*Task item*. Exactly as written, please set down all of the entries again, with no pictures.

Text-to-region grounding data
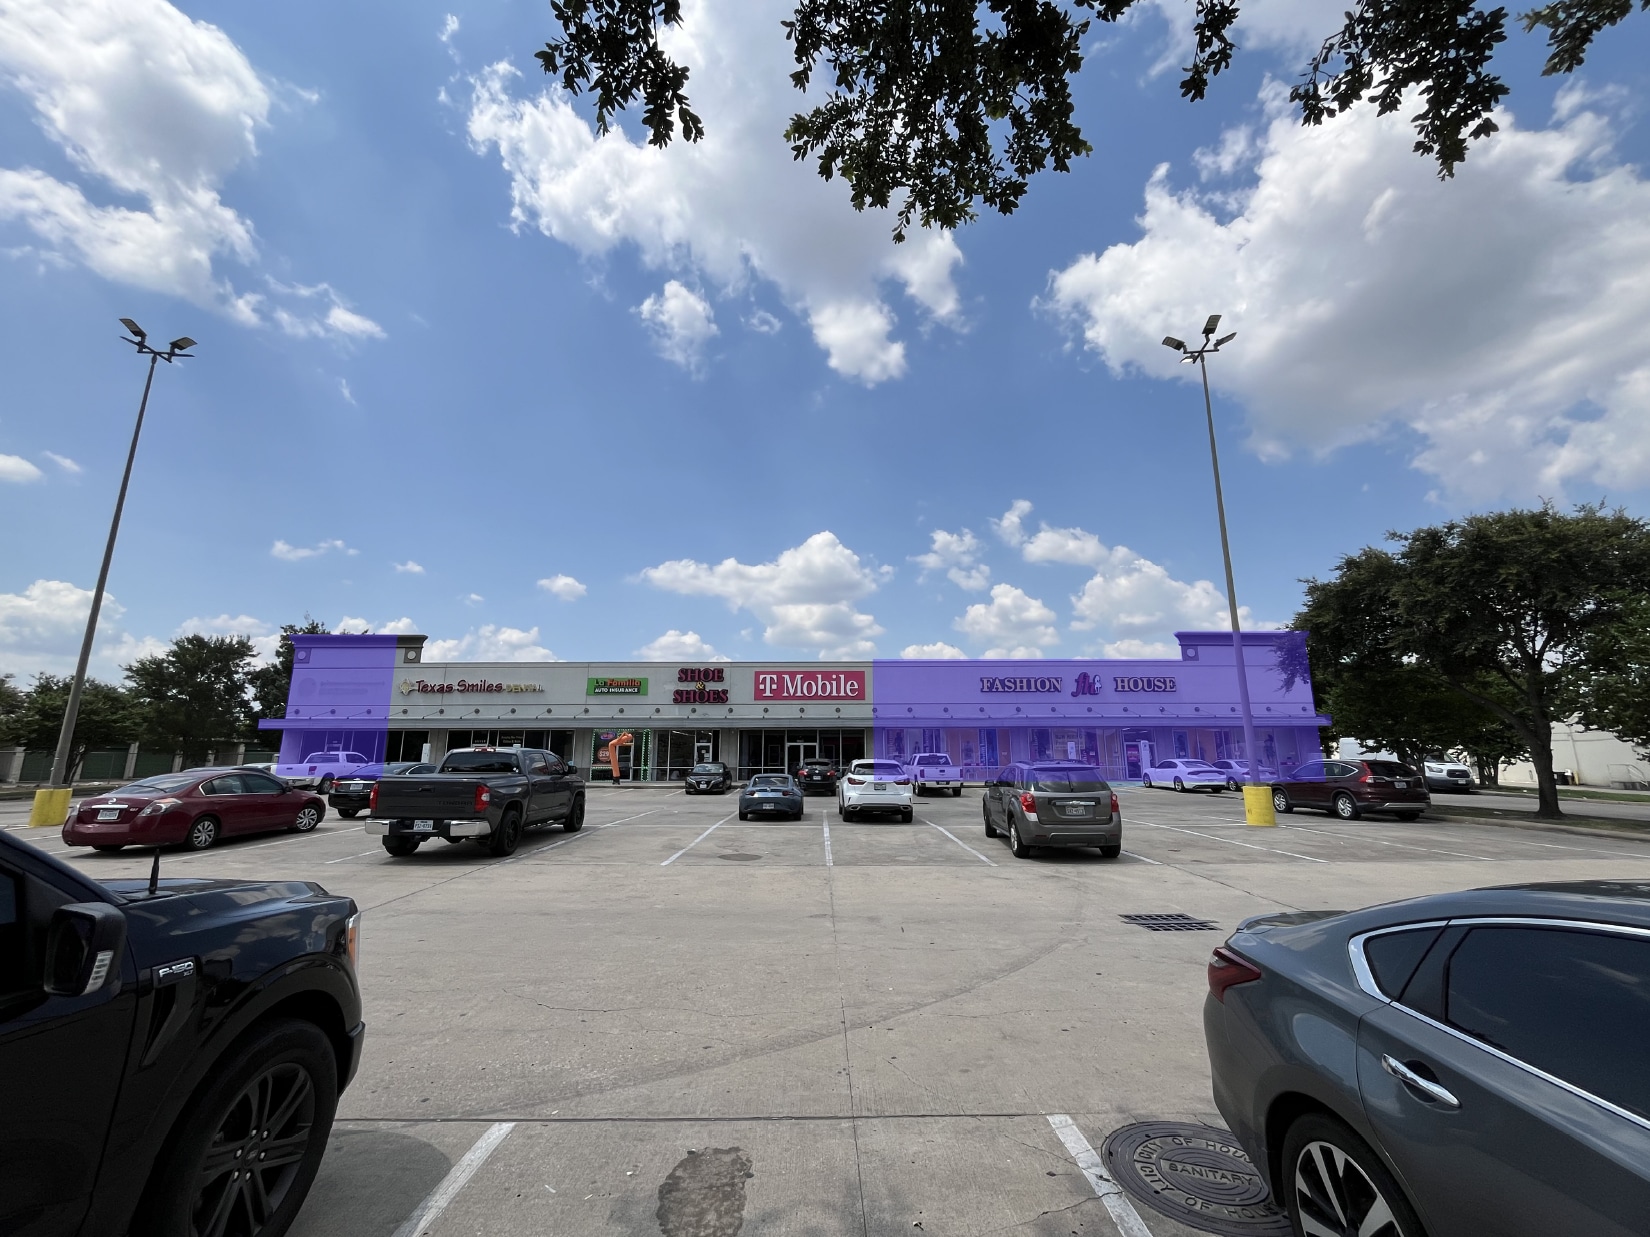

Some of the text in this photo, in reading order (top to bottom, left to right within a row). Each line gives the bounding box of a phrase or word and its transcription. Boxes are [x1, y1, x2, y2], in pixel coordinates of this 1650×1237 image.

[607, 678, 641, 687] Familia
[677, 667, 724, 683] SHOE
[415, 679, 454, 694] Texas
[457, 679, 504, 694] Smiles
[695, 681, 706, 691] &
[782, 674, 859, 697] Mobile
[980, 676, 1063, 693] FASHION
[1114, 676, 1177, 693] HOUSE
[672, 688, 728, 704] SHOES
[1138, 1141, 1164, 1159] CITY
[1172, 1137, 1195, 1147] OF
[1168, 1163, 1253, 1186] SANITARY
[1140, 1166, 1176, 1194] CITY
[1185, 1197, 1213, 1211] OF
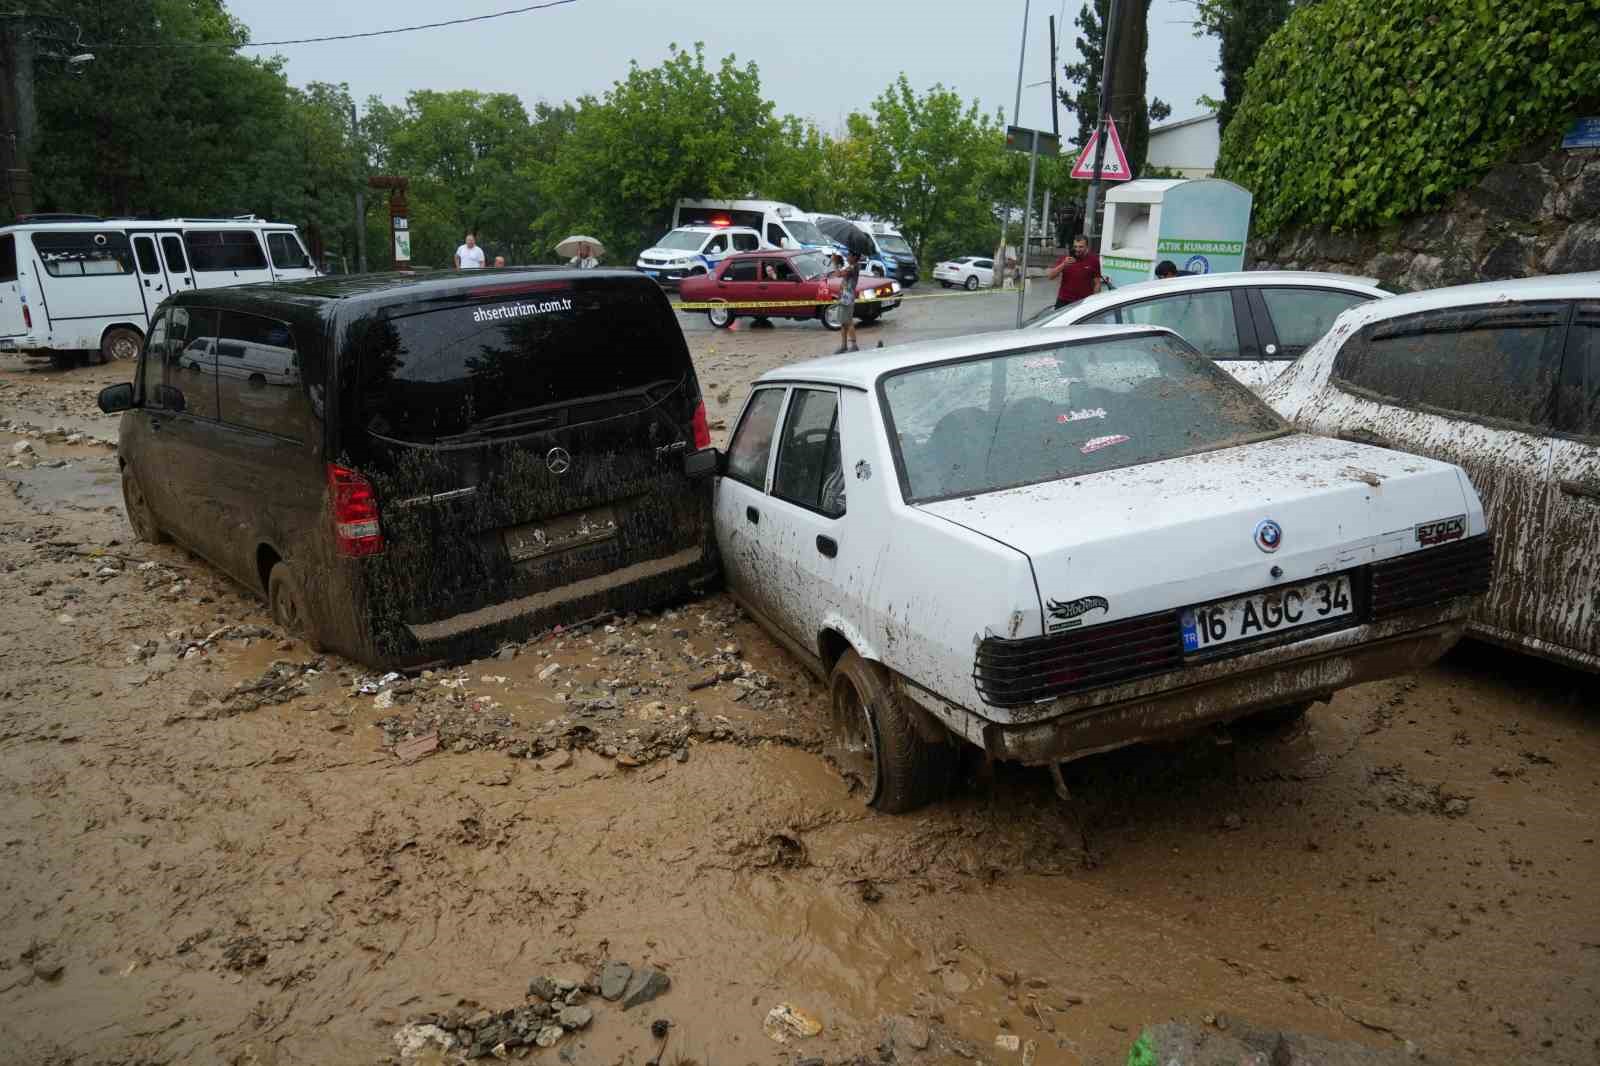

*Exercise response*.
Some of the text in this photo, in reading order (top to bottom, left to right within a row). Each line gives the bounding box of a phrase or word and its transcription. Boxes are [x1, y1, x2, y2], in pixel coordinates of this 1650×1237 image.

[607, 678, 641, 687] Familia
[677, 667, 724, 683] SHOE
[415, 679, 454, 694] Texas
[457, 679, 504, 694] Smiles
[695, 681, 706, 691] &
[782, 674, 859, 697] Mobile
[980, 676, 1063, 693] FASHION
[1114, 676, 1177, 693] HOUSE
[672, 688, 728, 704] SHOES
[1138, 1141, 1164, 1159] CITY
[1172, 1137, 1195, 1147] OF
[1168, 1163, 1253, 1186] SANITARY
[1140, 1166, 1176, 1194] CITY
[1185, 1197, 1213, 1211] OF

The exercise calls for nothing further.